En cumplimiento, la parte apelante presentó Memorando de Derecho el 2 de mayo de 2024. En este, esbozó que la resolución corporativa no era un requisito esencial para la validez de la compraventa de los activos de la corporación, ni para instar la acción de cobro. (Énfasis KLAN202400780 3 provisto). Asimismo, aseveró que la parte demandada no tenía legitimación activa (standing) para solicitar remedios, puesto que no sufrió daños como consecuencia de la falta de una resolución corporativa.

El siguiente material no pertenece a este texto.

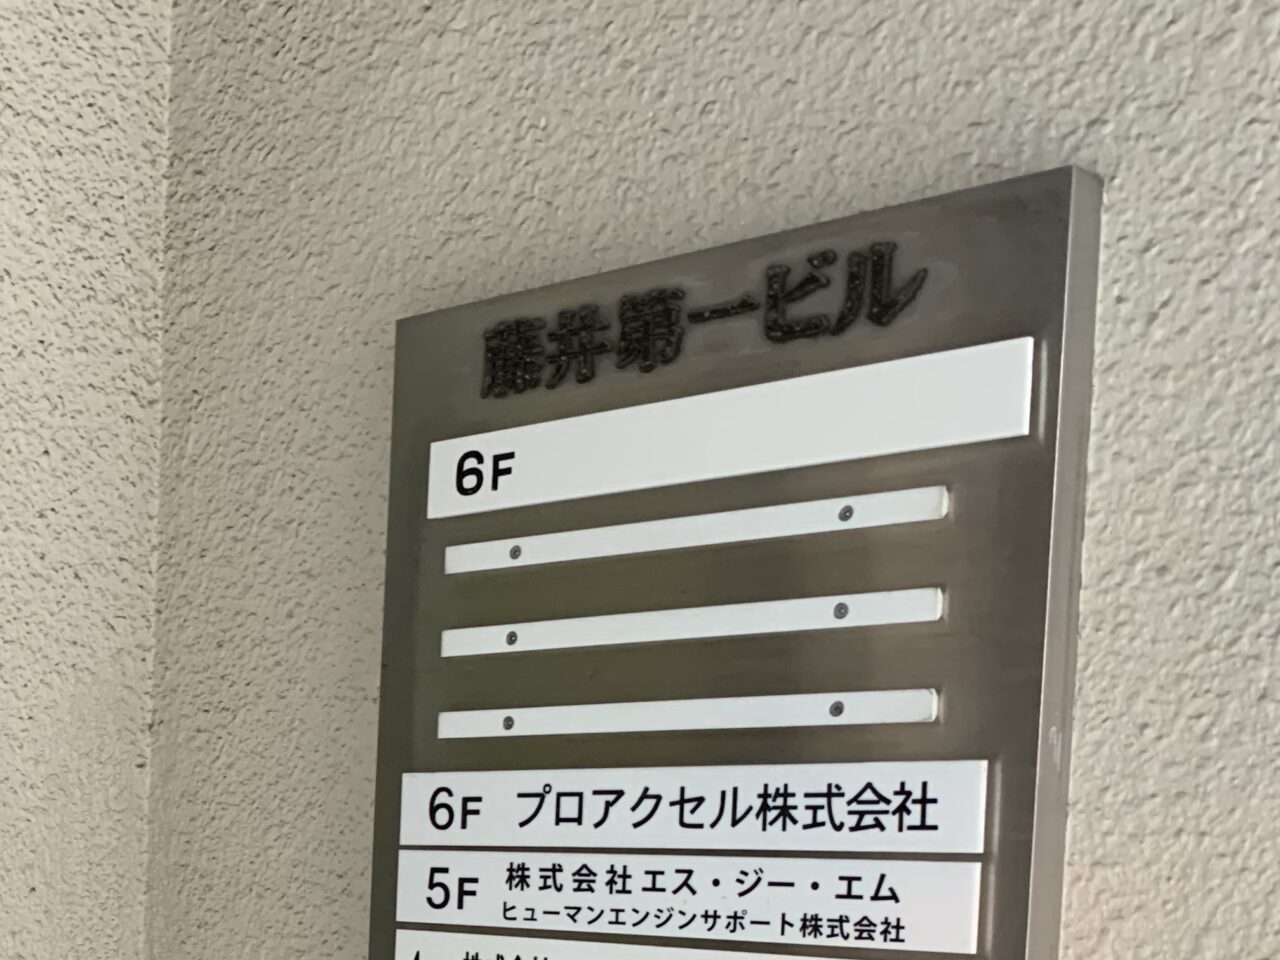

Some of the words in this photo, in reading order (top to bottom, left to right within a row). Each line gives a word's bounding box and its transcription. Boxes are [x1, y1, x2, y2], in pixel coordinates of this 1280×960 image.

[480, 241, 929, 400] 藤井第一ビル
[455, 450, 516, 497] 6F
[428, 786, 483, 831] 6F
[516, 780, 939, 833] プロアクセル株式会社
[425, 866, 479, 910] 5F
[505, 861, 901, 904] 株式会社エス・ジー・エム
[502, 901, 906, 943] ヒューマンエンジンサポート株式会社
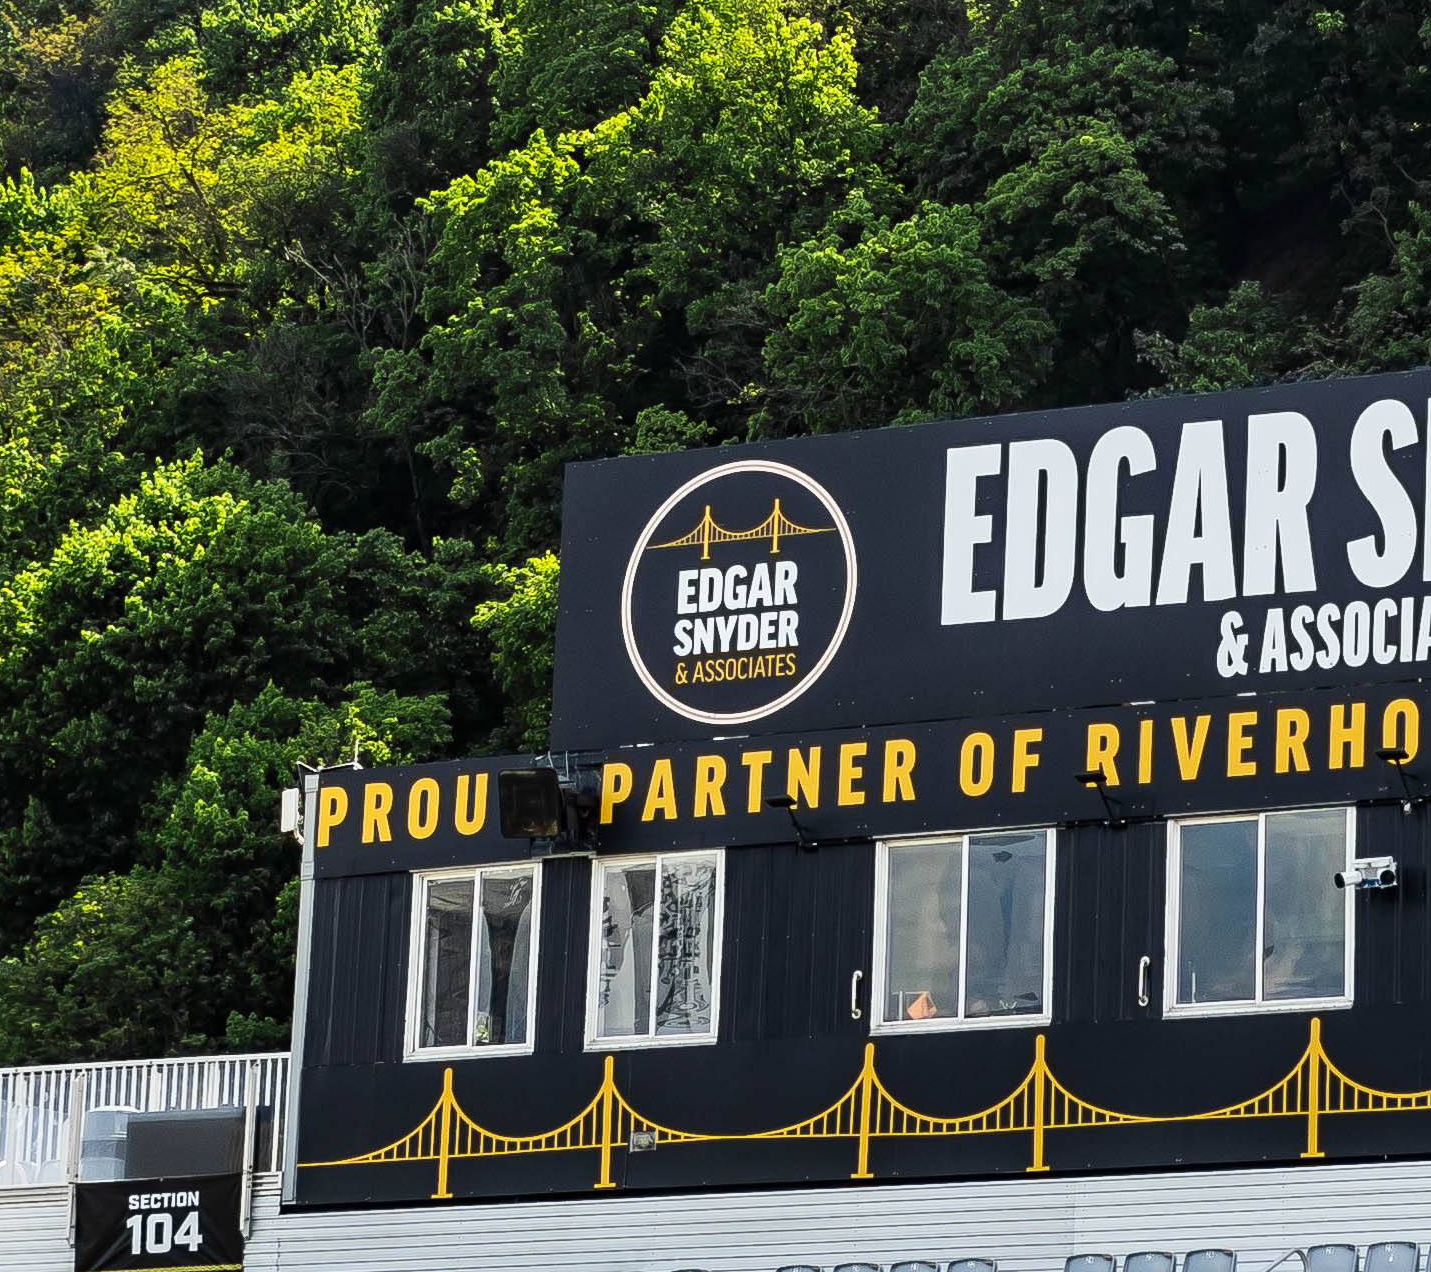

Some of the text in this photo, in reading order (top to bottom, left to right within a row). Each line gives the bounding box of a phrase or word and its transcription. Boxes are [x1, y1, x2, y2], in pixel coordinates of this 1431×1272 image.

[941, 412, 1318, 626] EDGAR
[678, 560, 798, 615] EDGAR
[673, 611, 799, 656] SNYDER
[1217, 611, 1248, 677] &
[676, 653, 797, 683] & ASSOCIATES
[318, 772, 488, 847] PROU
[601, 739, 915, 823] PARTNER
[960, 729, 1042, 796] OF
[129, 1191, 199, 1209] SECTION
[127, 1211, 202, 1254] 104

Por su parte, el 11 de junio de 2024, el señor Acevedo Salas presentó su Memorando de Derecho. Sostuvo que en la Demanda presentada se reclamó el pago de unas sumas adeudadas a la corporación Prospect of Toledo Corp., por la venta del equipo e inventario pertenecientes a ésta.

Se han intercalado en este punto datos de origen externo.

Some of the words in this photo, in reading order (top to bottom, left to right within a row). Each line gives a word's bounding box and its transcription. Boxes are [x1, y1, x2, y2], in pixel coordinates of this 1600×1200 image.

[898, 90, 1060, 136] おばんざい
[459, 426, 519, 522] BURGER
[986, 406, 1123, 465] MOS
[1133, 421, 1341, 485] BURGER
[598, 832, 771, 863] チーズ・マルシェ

Matizó que Nidal Khalili El Smaili y la corporación Prospect of Toledo Corp. son dos personas jurídicas diferentes, y el demandante había alegado bajo juramento que las cantidades adeudadas le pertenecían a dicha corporación. En consonancia, arguyó que el señor Khalil El Smaili tenía el peso de la prueba para demostrar que poseía autoridad para representar a dicha corporación en la venta de sus activos. A pesar de esto, sostuvo que la parte apelante no había presentado prueba alguna sobre ello, y quien tenía que instar la causa de acción para reclamar la presunta deuda era la corporación, a través de una persona que debidamente la representara, pero no se hizo.

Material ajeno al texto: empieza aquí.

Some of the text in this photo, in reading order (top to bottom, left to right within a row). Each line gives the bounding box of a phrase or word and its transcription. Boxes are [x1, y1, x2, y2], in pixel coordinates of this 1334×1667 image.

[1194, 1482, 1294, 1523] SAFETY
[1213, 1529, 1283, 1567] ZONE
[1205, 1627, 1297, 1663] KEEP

Es así como, el 1 de julio de 2024, el TPI emitió la Sentencia cuya revocación nos solicita la parte apelante, declarando No Ha Lugar la demanda de cobro de dinero. Determinó el foro apelado que el señor Khalil El Smaili carecía de legitimación activa para presentar la demanda de epígrafe, por las siguientes razones: […] el demandante reconoció que la venta de negocio en marcha efectuada con la parte demandada se refería al negocio propiedad de la corporación Prospecto of Toledo, Inc. aunque registrada en el Departamento de Estado de Puerto Rico como Prospecto of Toledo, Corp. Esta corporación no es parte de la demanda del epígrafe ni se presentó, en evidencia, resolución corporativa que autorizara al demandante a comparecer, en la venta, ni en la demanda, a nombre de la misma.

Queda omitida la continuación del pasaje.